Copy the line with "this 1280×1106 image." and all lines following it through the last line of the entries, exactly as written.

Stored items:
• • •

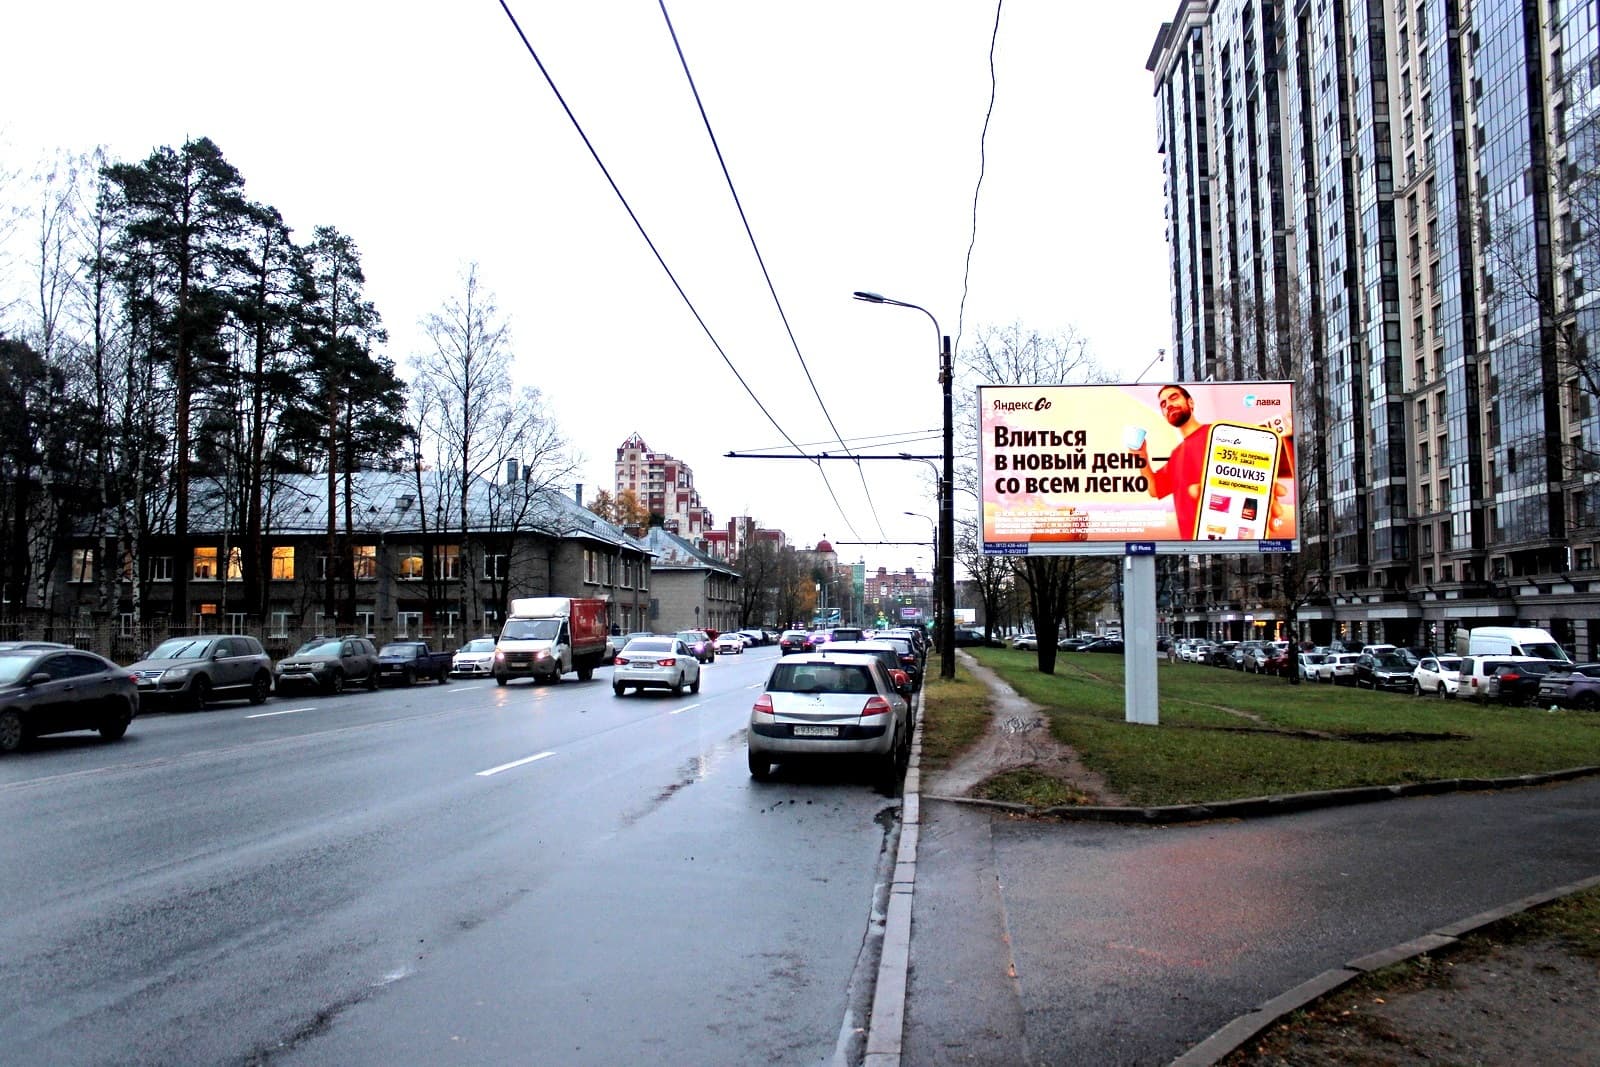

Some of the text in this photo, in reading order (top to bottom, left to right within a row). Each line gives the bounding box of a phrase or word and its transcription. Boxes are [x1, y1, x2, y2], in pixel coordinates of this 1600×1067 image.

[994, 397, 1052, 411] Яндекс Go
[1256, 398, 1281, 407] лавка
[994, 426, 1087, 448] Влиться
[995, 454, 1008, 471] в
[1013, 449, 1087, 471] новый
[1092, 453, 1147, 473] день
[995, 475, 1149, 495] со всем легко
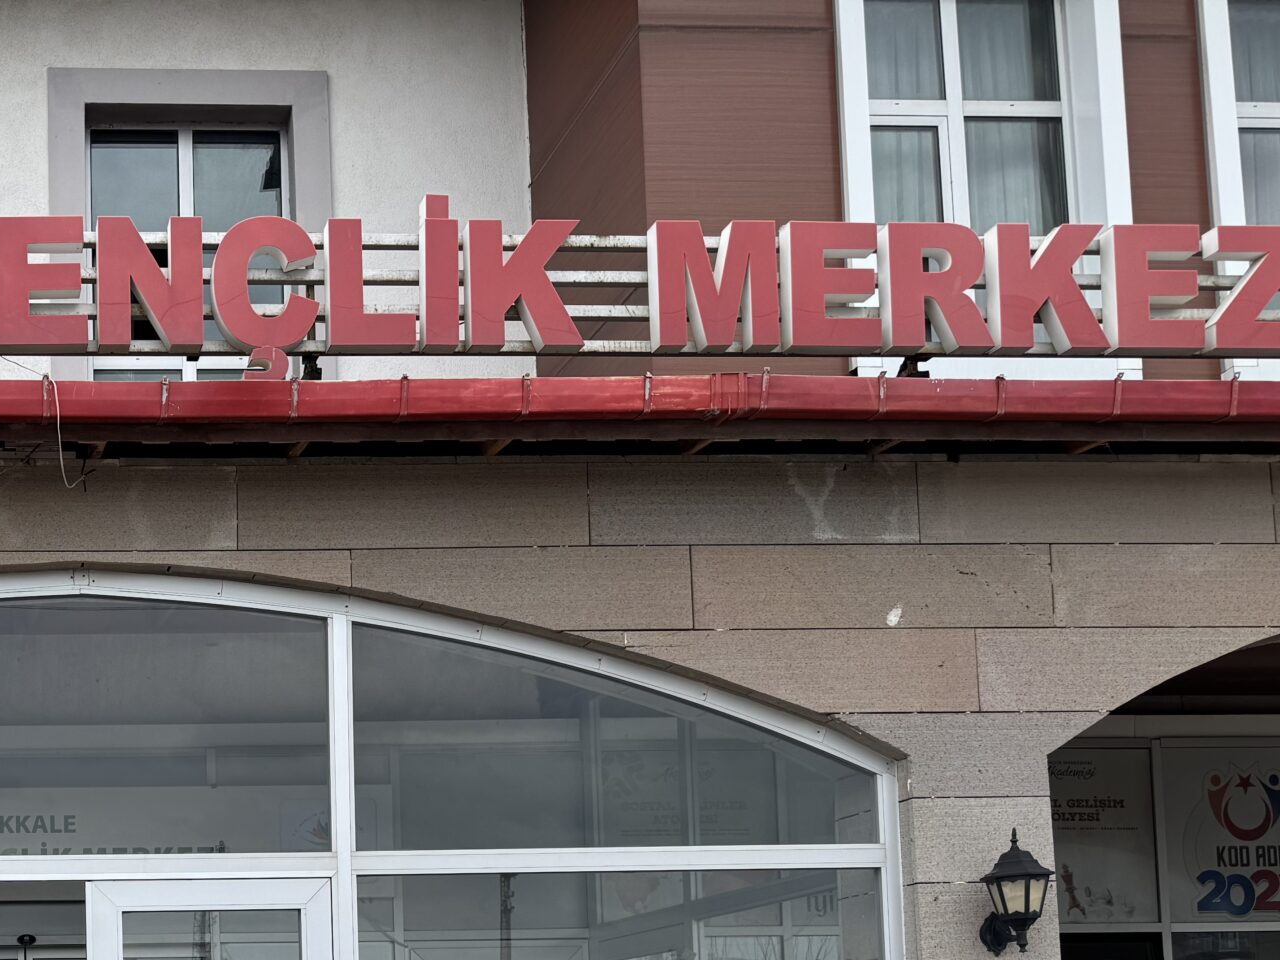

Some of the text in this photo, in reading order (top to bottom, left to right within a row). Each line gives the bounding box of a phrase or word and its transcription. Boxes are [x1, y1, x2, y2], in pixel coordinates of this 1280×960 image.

[647, 219, 1280, 356] MERKEZ
[1216, 845, 1250, 867] KOD
[1196, 868, 1280, 916] 202
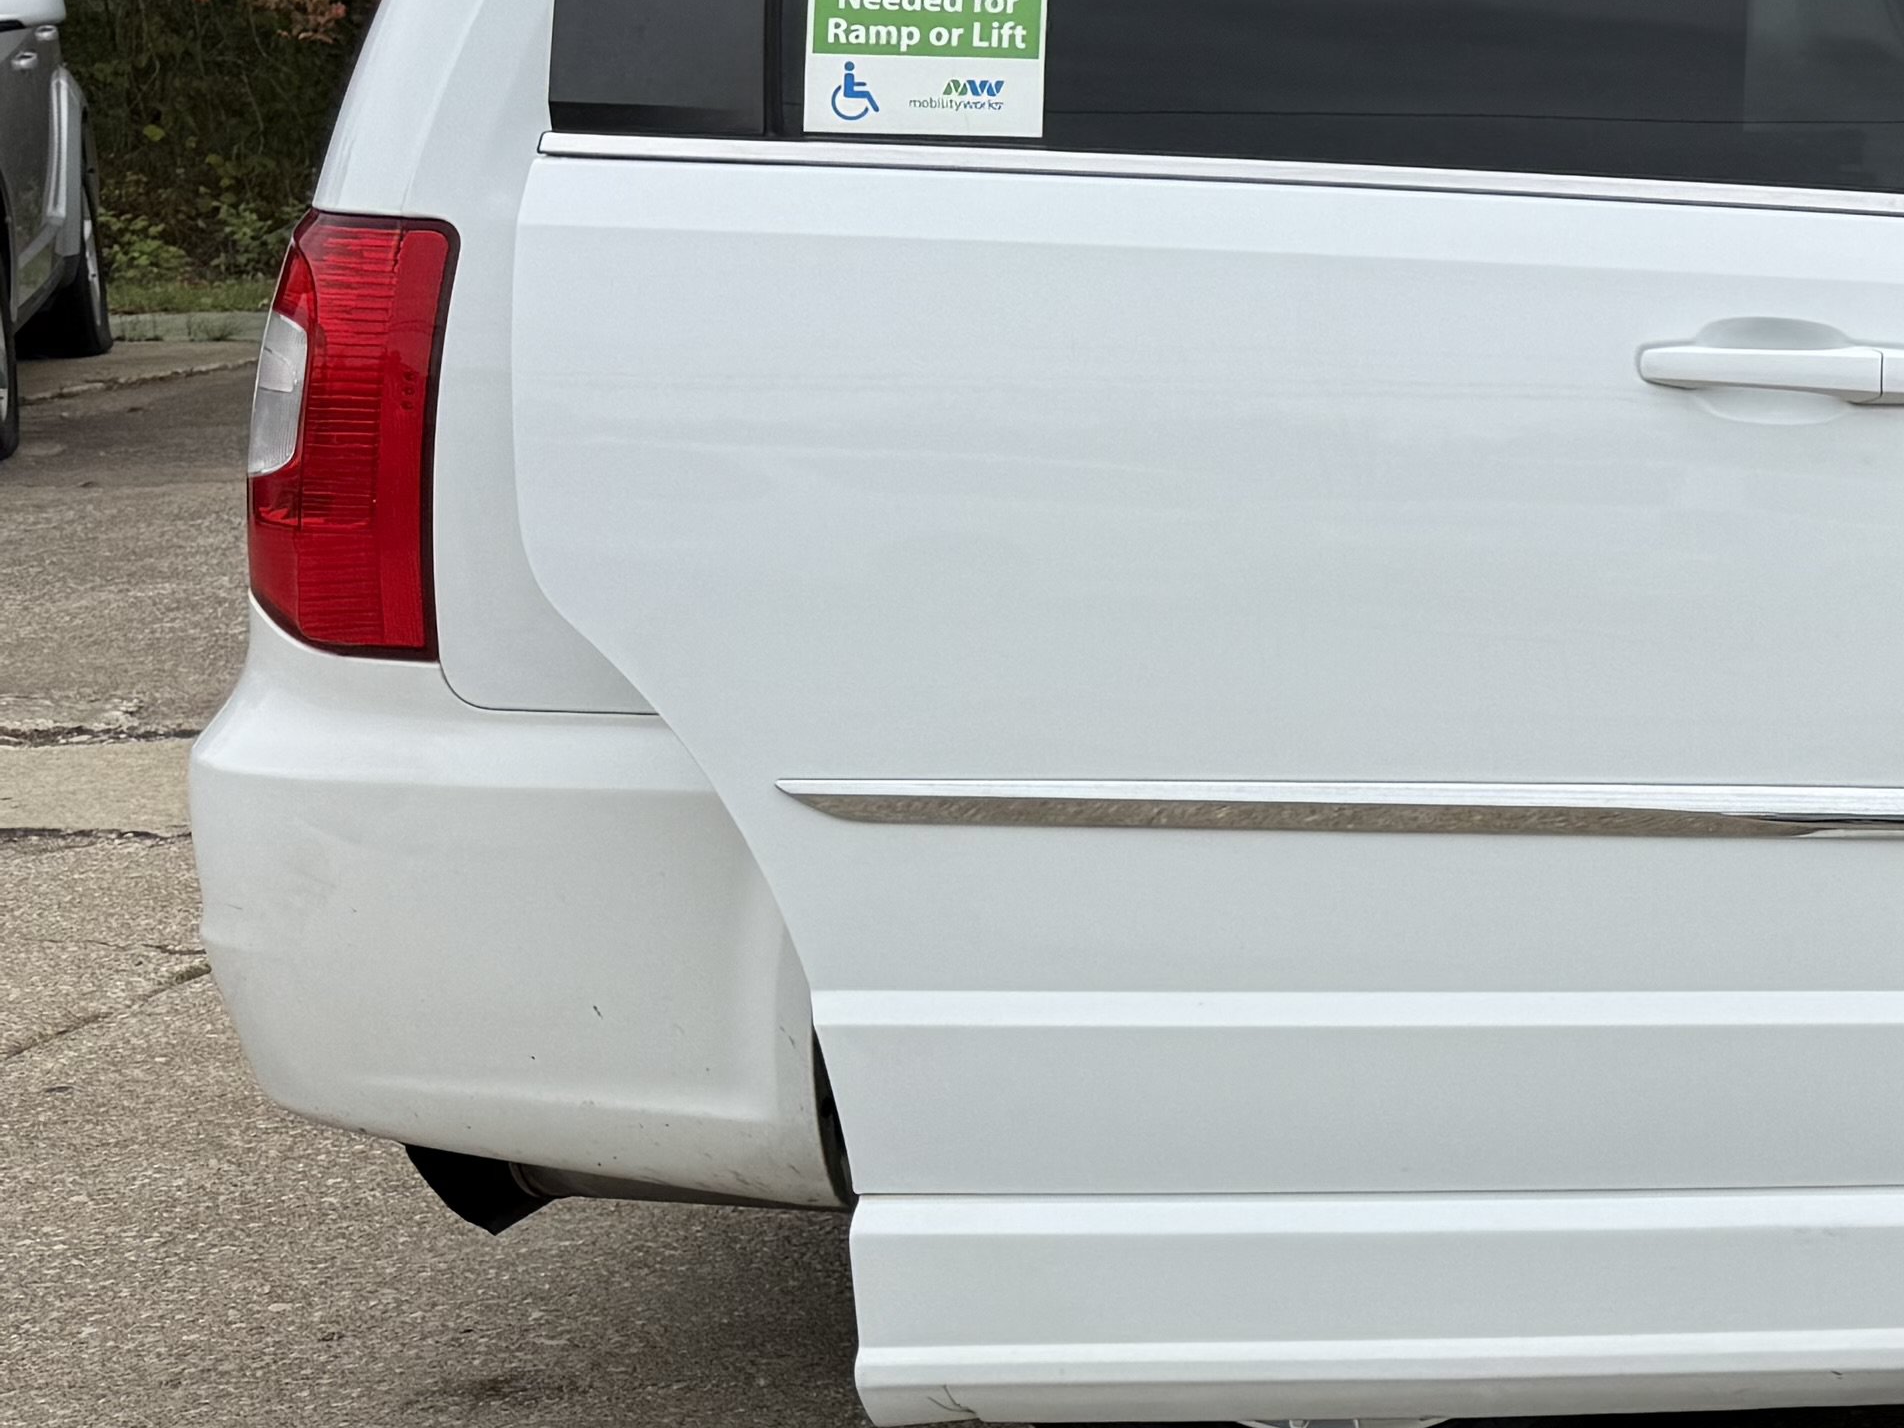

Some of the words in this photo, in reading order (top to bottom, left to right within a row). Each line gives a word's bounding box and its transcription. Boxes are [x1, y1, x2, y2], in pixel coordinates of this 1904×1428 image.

[827, 17, 921, 52] Ramp
[929, 27, 964, 47] or
[972, 22, 1027, 49] Lift
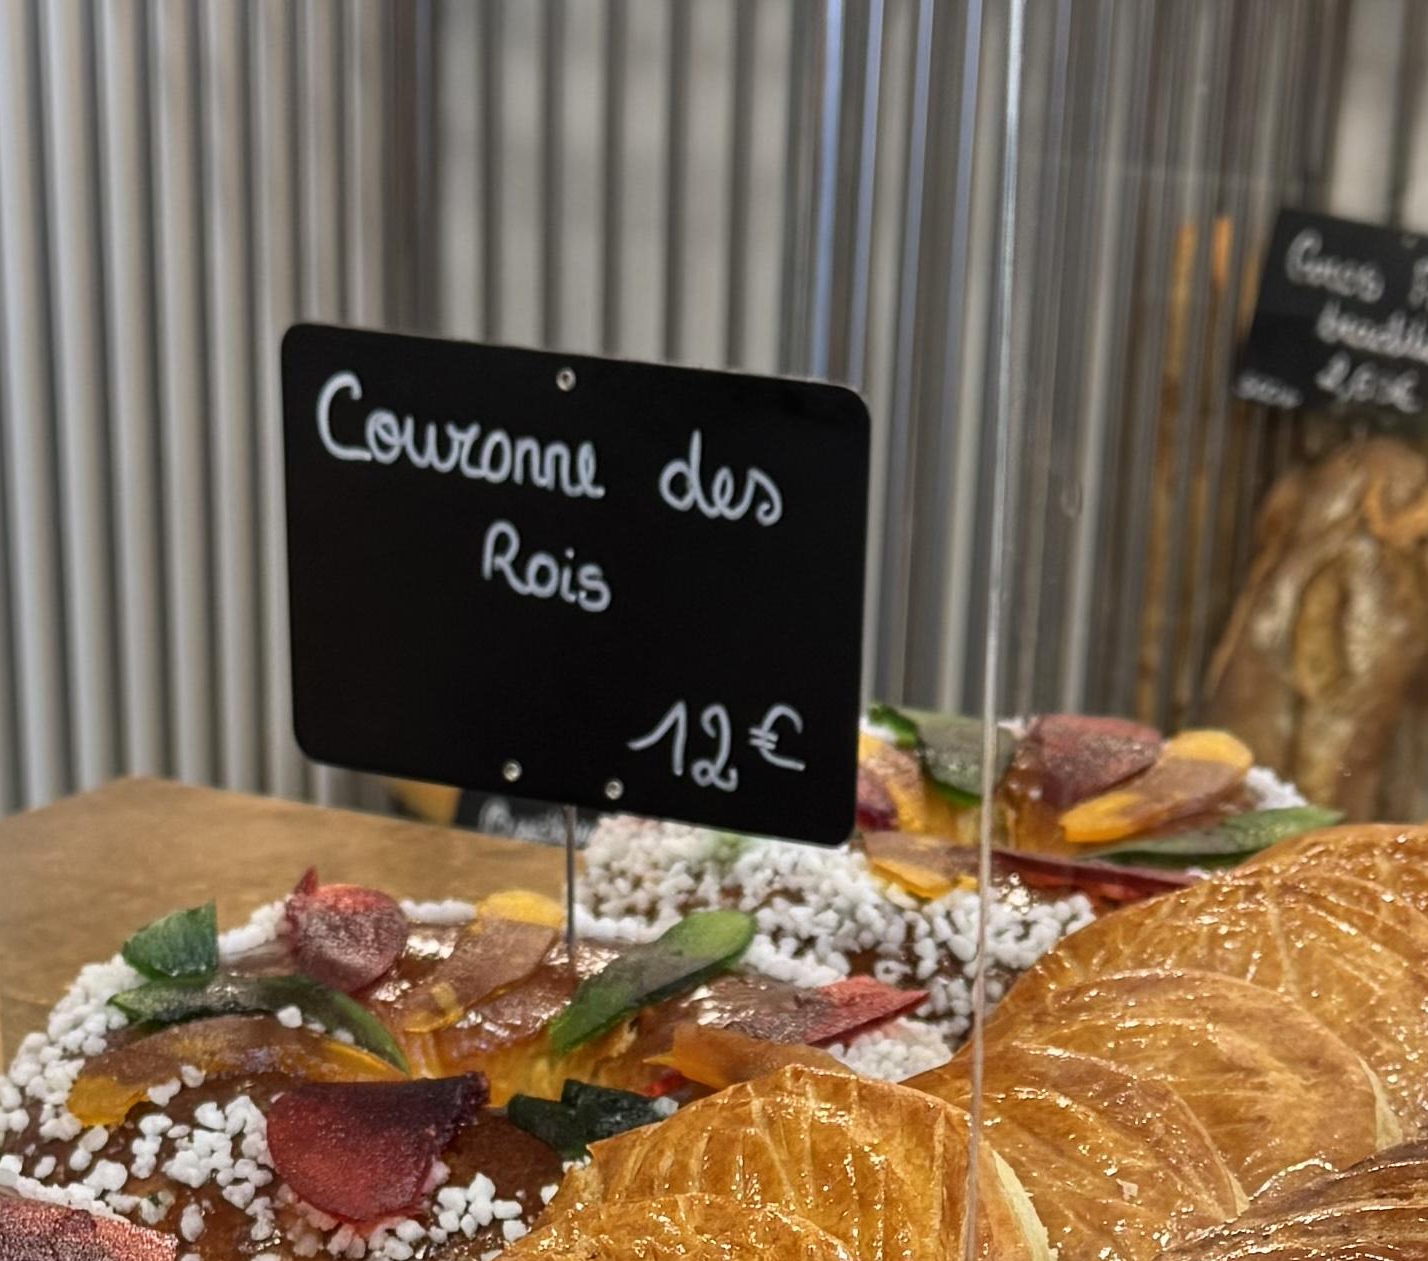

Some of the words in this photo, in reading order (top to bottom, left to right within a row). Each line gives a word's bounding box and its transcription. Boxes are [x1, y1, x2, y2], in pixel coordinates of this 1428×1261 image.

[316, 370, 606, 500] Couronne
[658, 429, 784, 526] des
[481, 520, 612, 612] Rois
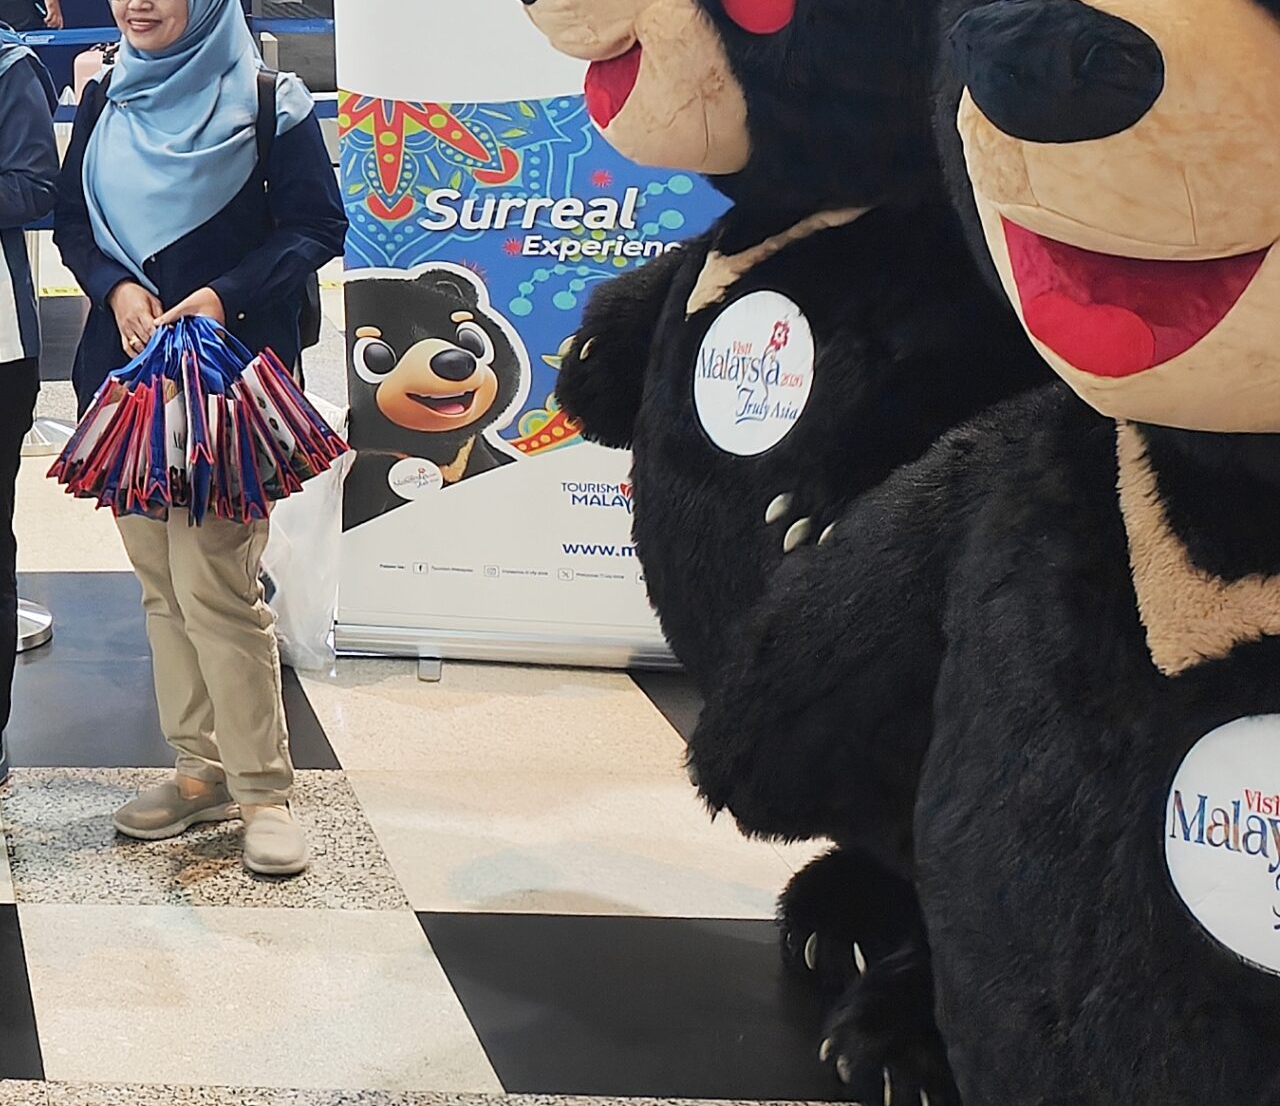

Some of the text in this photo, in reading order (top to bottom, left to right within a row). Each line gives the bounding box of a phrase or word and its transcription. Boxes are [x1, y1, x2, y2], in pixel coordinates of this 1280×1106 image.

[419, 187, 640, 232] Surreal
[521, 235, 683, 262] Experienc
[697, 345, 780, 392] Malaysia
[734, 387, 799, 424] Truly Asia
[561, 482, 620, 494] TOURISM
[572, 494, 631, 514] MALAY
[562, 543, 634, 557] www.m
[1245, 789, 1280, 816] Visi

• • •

▶ _Result below_
Some of the text in this photo, in reading order (top to bottom, left to right within a row). Each line gives the bounding box of a phrase or word and its transcription. Boxes are [x1, y1, x2, y2], in pixel coordinates of this 1280×1106 image.

[419, 187, 640, 232] Surreal
[521, 235, 683, 262] Experienc
[697, 345, 780, 392] Malaysia
[734, 387, 799, 424] Truly Asia
[561, 482, 620, 494] TOURISM
[572, 494, 631, 514] MALAY
[562, 543, 634, 557] www.m
[1245, 789, 1280, 816] Visi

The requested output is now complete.